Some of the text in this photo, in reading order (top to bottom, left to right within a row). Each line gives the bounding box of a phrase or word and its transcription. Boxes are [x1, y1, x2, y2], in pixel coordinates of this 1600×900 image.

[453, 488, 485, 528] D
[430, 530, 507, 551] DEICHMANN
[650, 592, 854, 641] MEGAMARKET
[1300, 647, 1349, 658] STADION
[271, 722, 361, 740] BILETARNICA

--------------------------------------------------

> [EXERCISE] Set down the entries again, exactly as they stand above.

> [RESPONSE TO THE TASK]
Some of the text in this photo, in reading order (top to bottom, left to right within a row). Each line gives the bounding box of a phrase or word and its transcription. Boxes are [x1, y1, x2, y2], in pixel coordinates of this 1600×900 image.

[453, 488, 485, 528] D
[430, 530, 507, 551] DEICHMANN
[650, 592, 854, 641] MEGAMARKET
[1300, 647, 1349, 658] STADION
[271, 722, 361, 740] BILETARNICA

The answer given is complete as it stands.